Benjamin Pestieau. Honnêtement, non. Tous ceux qui ont suivi ça pour les organisations progressistes nʼen revenaient pas. Cʼest du jamais vu depuis des dizaines et des dizaines d’années. Il faut bien être conscient que cʼest le fruit dʼune vision de société. Tout ce quʼon connaît aujourdʼhui en terme de protection sociale, de limitation de temps de travail, etc. vient des luttes du mouvement social. Au début du capitalisme, les ouvriers n’avaient pas de syndicats. Le patronat mettait en concurrence permanente les ouvriers les uns avec les autres au sein d’une usine, entre les usines, etc. Et le mouvement ouvrier s’est construit dans un long processus pour se regrouper, s’unifier et sʼorganiser collectivement parce que c’est là que réside son unique force. Et ce long processus s’est fait à travers les différentes luttes qui ont fait émerger des organisations syndicales, des droits à l’action syndicale, des normes collectives, etc. Et maintenant, l’Arizona veut briser tous les espaces collectifs que le monde du travail a construit, isoler au maximum la relation de travail. Ils veulent nous conduire à une société où on est seul, seul face à la maladie, seul face à la vieillesse, seul face à son patron.
Vous êtes responsable de la campagne « Stop Arizona ». Quels sont vos objectifs ?
Benjamin Pestieau. Arrêter ce projet de société froide et individualiste. Inverser cette « logique » qui veut réduire nos salaires, notre protection sociale, nos droits et notre capacité de lutter. Cette campagne est notre pierre à lʼédifice dʼun large mouvement qui se développe contre les plans de l’Arizona. Pour réussir à empêcher les plans de l’Arizona, on aura besoin de l’ensemble du mouvement social. Nous voulons nous adresser à toute la classe travailleuse, à la jeunesse, aux intellectuels, aux artistes qui ne veulent pas de cette société divisée et où chacun est isolé.
Mais vu la puissance de l’attaque, pensez-vous qu’il est possible de gagner ?
Benjamin Pestieau. On lʼa vu pendant le Covid.
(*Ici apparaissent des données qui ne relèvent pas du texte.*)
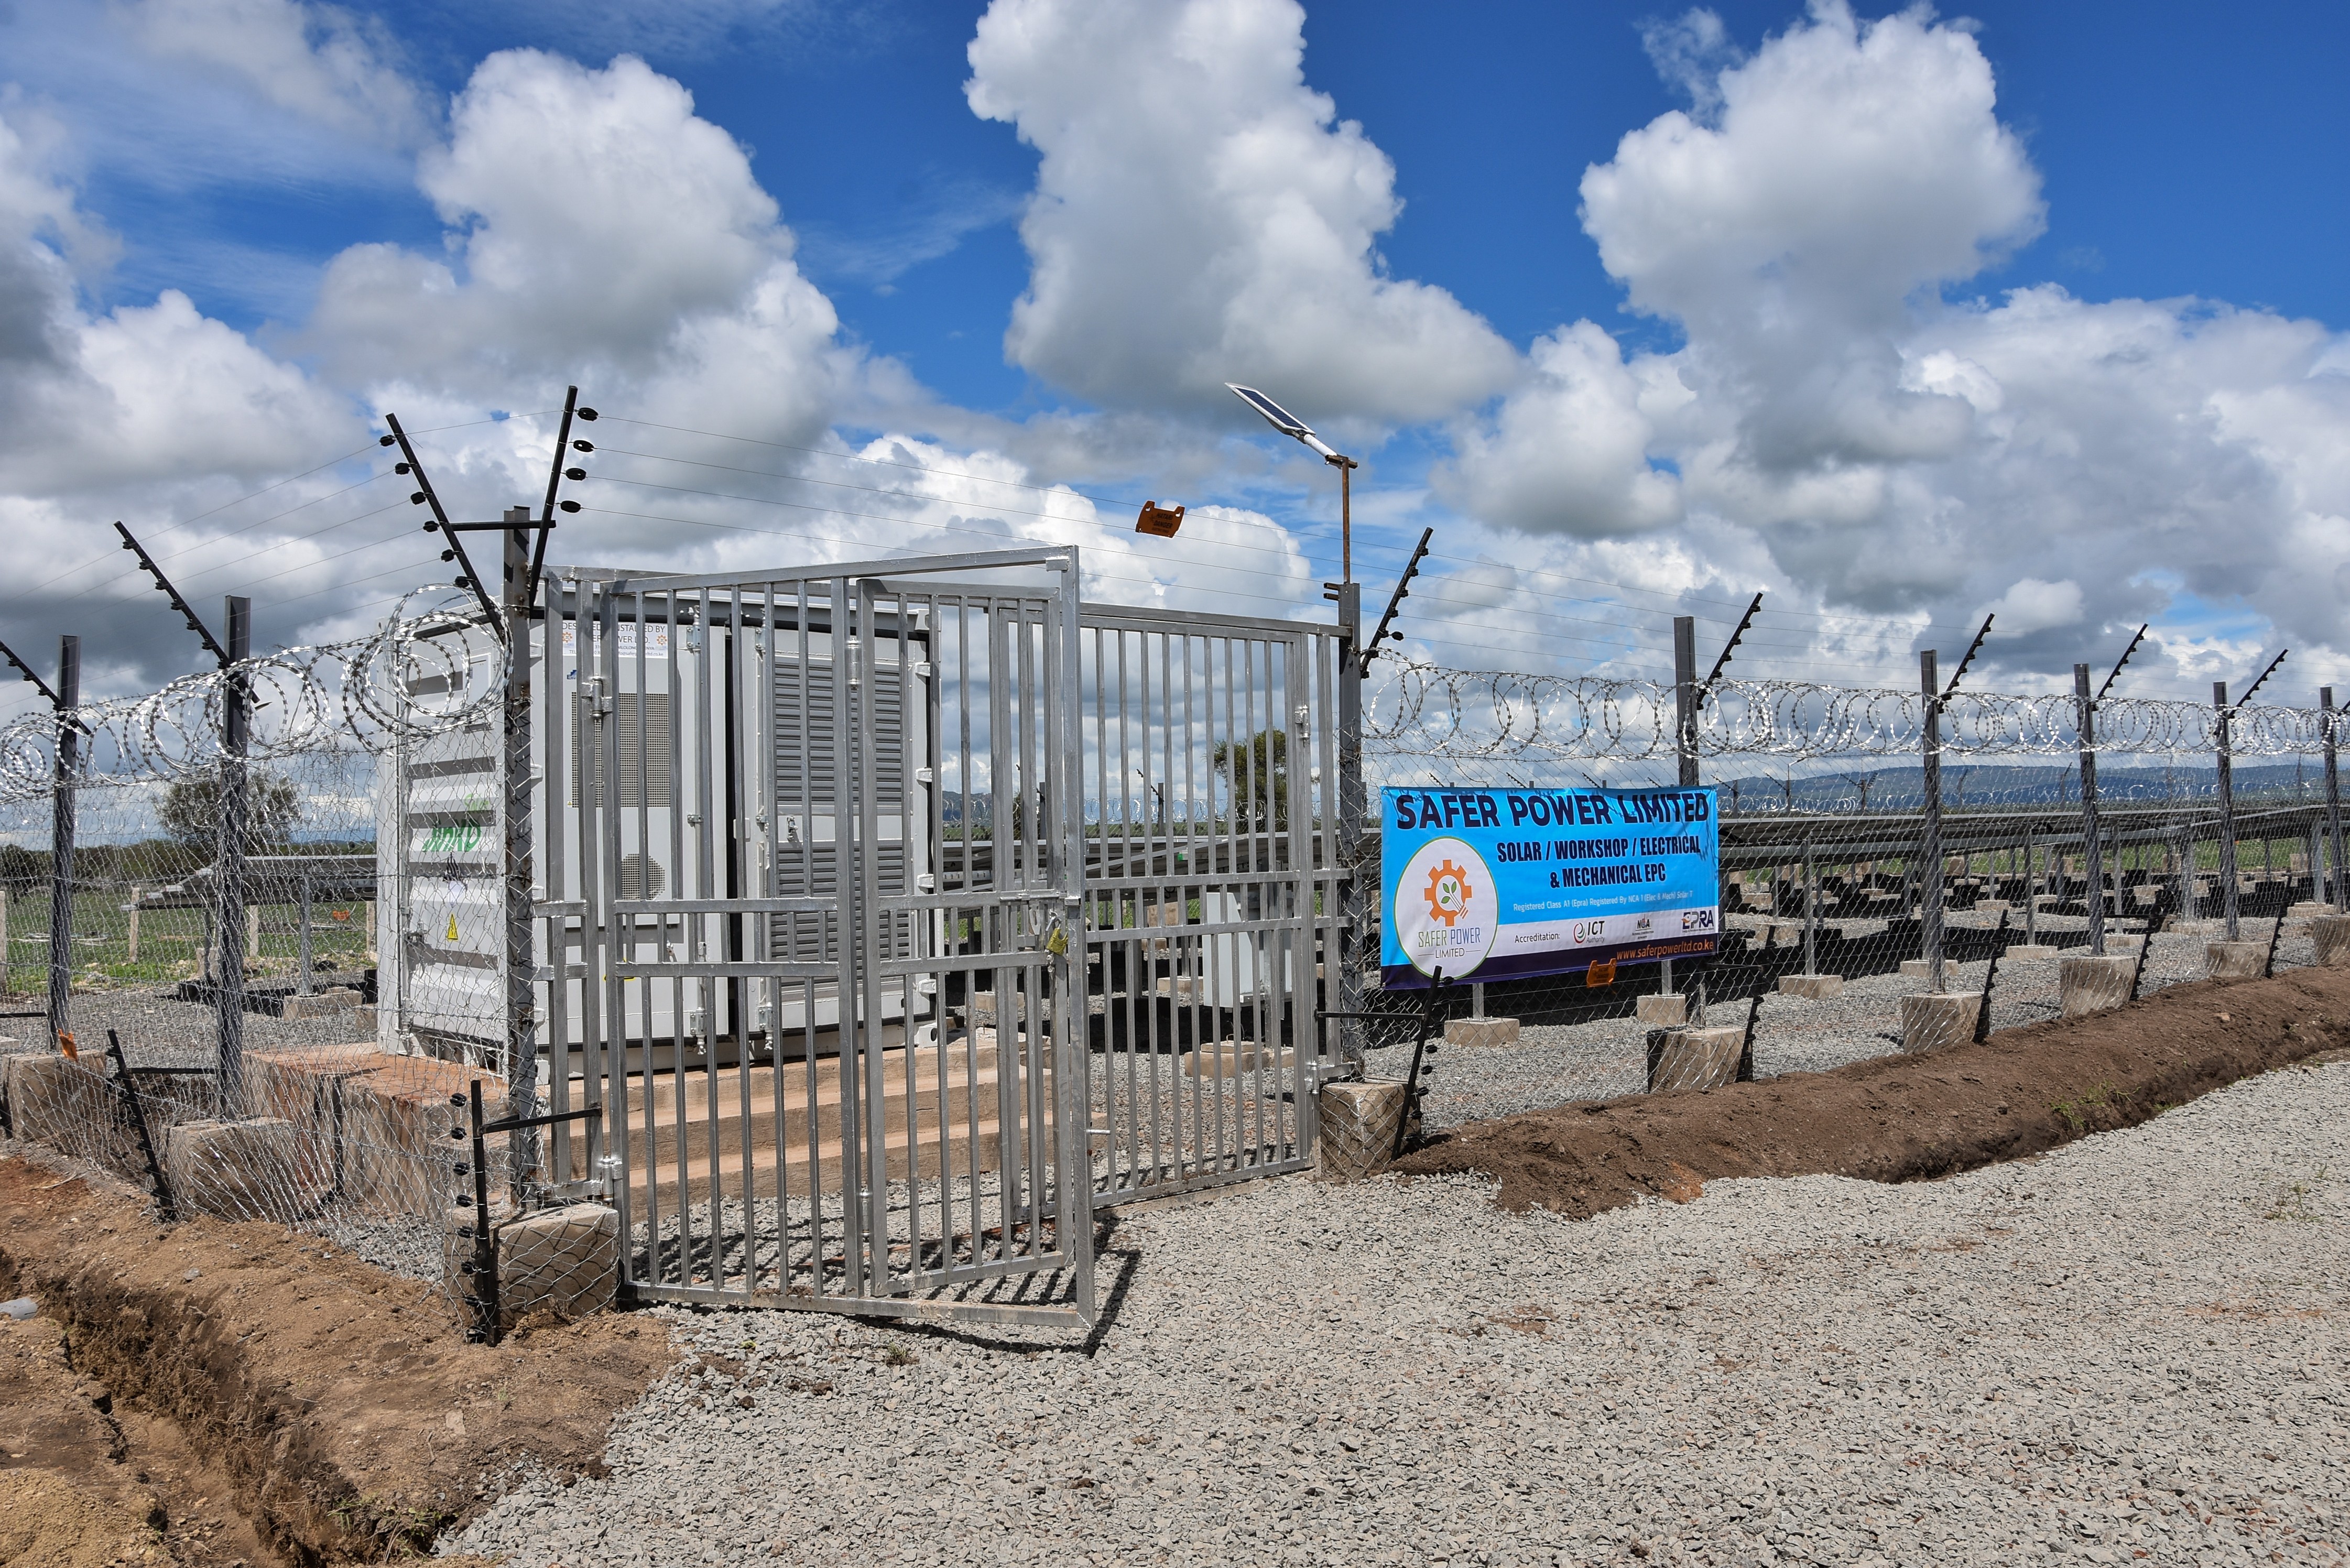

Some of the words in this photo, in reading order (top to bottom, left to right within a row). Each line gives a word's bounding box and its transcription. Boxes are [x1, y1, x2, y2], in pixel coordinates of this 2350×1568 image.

La classe travailleuse a un énorme pouvoir. Sans elle, il n’y a rien qui fonctionne. C’est l’enseignement des mineurs de lʼArizona de 1915. Le monde du travail a montré dans toute son histoire que quand il est uni, quand il se rassemble au delà de ses divisions d’origines, de genre, de religion, de spiritualité ou autre, il arrive à aller chercher des victoires qui semblaient impossibles.